Thirdly, there seems to be a contradiction in God’s command, and how does one absolve this? God commands Abraham to sacrifice Isaac, and what this mean is nothing more plain than, murder. On the flip side, God gave the ten commandments (Exodus 20:2-17), and one of it clearly states, “you shall not murder.” Albeit receiving the commandments after Abraham’s test, it should not negate previous actions and be considered irrelevant, and if one insists, then one should consider this situation in the future. This essentially places God’s command in opposition. Aside to the inability of rational justification which Kierkegaard has repeatedly emphasised, the single individual in such a circumstance will not be able to ‘faithfully-­justify’ themselves. Abraham had a ‘faith-­justification’ for his act. One that others cannot understand, but is sufficient for him to carry out his duty. In this instance, no such ‘faith­-justification’ can be found since they are both equally God’s commands, and now, because of the contradiction, both commands become questionable.

Given these issues, Kierkegaard is definitely right in crediting faith with its appropriate honour, but not in claiming the ethical and rational. (I) If it is as he said, that “the single individual is higher than the universal” (p.27), and (II) God exists, then surely he must agree that everyone should as best as they can, aim to be the single individual, and give God the absolute love He demands. This would redefine the ethical and rational to obey God’s demand regardless. Indeed Kierkegaard lists the great difficulties in the attempt, however, if God exists, then obeying Him would be rational, lest you lose your eternal salvation and be damned. Therefore, assuming (I) and (II), faith is now the universal everyone should follow at all times. Just as how the ethical works, “in circumstance X, one rationally ought to do Y,” a different rational standard would/should be in place. “In circumstance X, one faithfully ought to do Y.” To exist as the single individual would be, to not act in faith and obey God.

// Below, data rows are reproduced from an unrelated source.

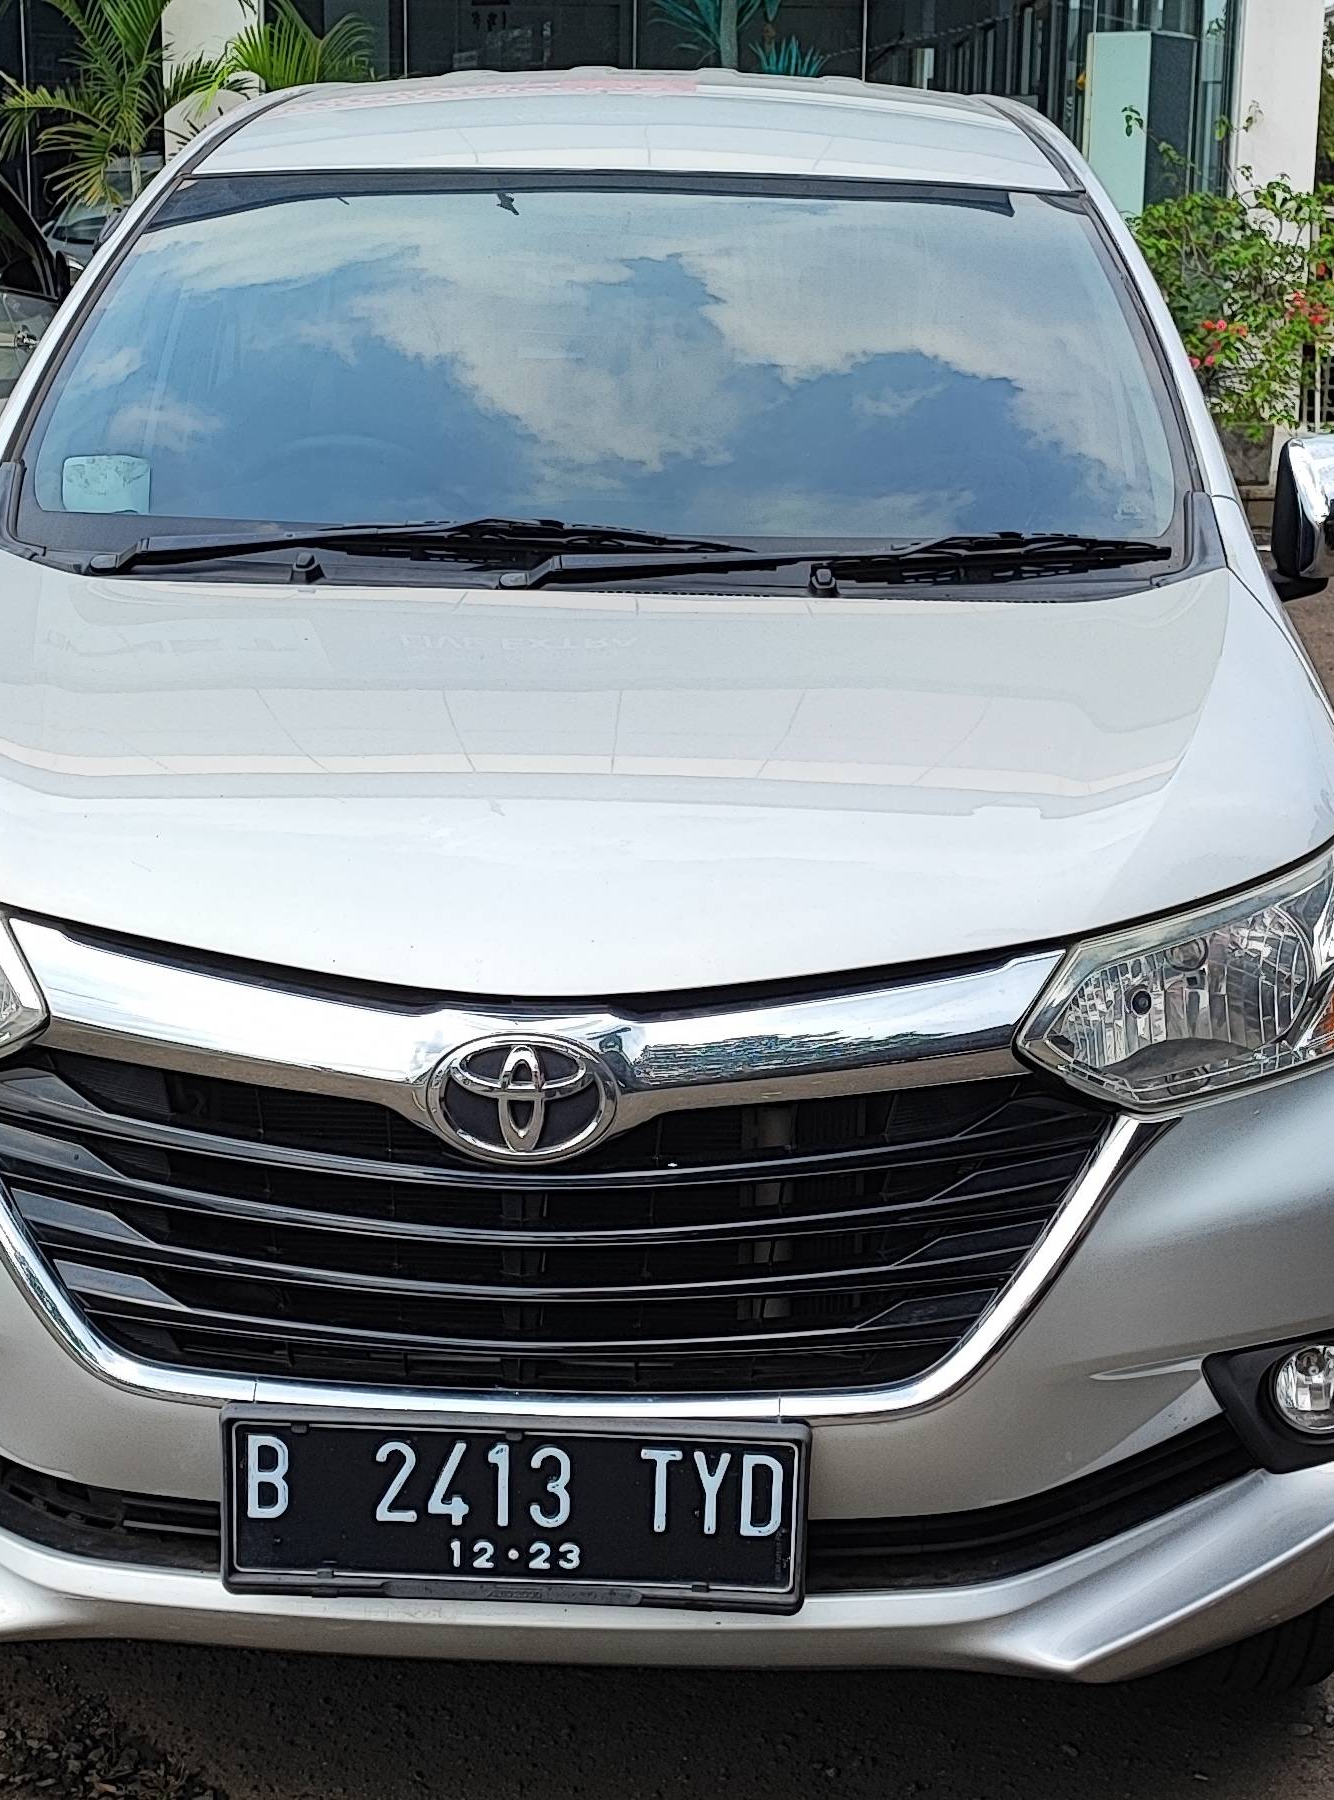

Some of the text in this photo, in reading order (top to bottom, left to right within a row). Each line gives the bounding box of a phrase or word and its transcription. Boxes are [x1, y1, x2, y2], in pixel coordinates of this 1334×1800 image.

[246, 1433, 785, 1537] B 2413 TYD
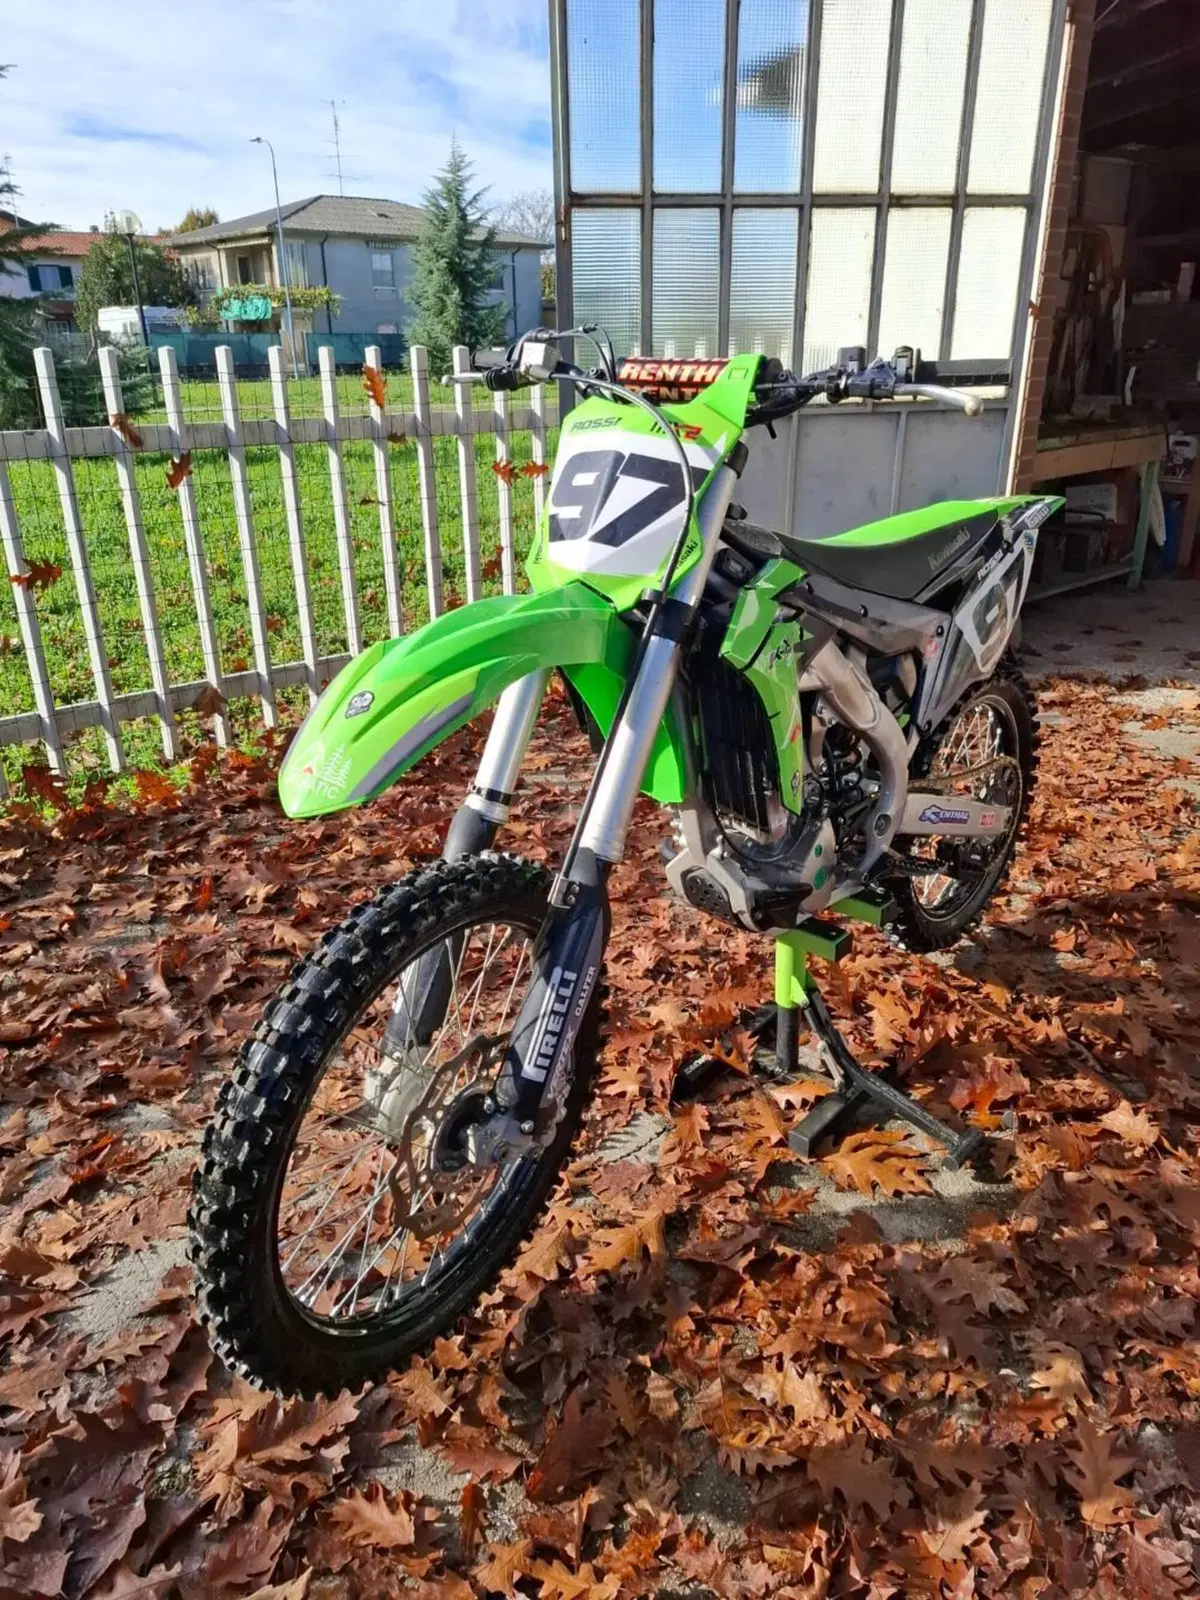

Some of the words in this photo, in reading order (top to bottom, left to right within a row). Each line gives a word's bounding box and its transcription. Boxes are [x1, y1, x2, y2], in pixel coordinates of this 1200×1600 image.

[619, 362, 722, 382] RENTH
[571, 417, 621, 431] ROSSI
[550, 450, 712, 547] 97
[927, 527, 969, 569] Kawasaki
[977, 548, 1003, 580] ROSSI
[575, 965, 597, 1017] GALFER
[521, 966, 578, 1083] PIRELLI

If one were to assume Kierkegaard’s beliefs, then one would reach a different conclusion from him of the ethical, rational, and universal. This, in addition to the weaknesses presented above, and the major assumption of God’s existence, makes Kierkegaard’s definition of faith questionable, although he is specifically right in giving faith the credit and honour in meeting God’s demand of absolute love.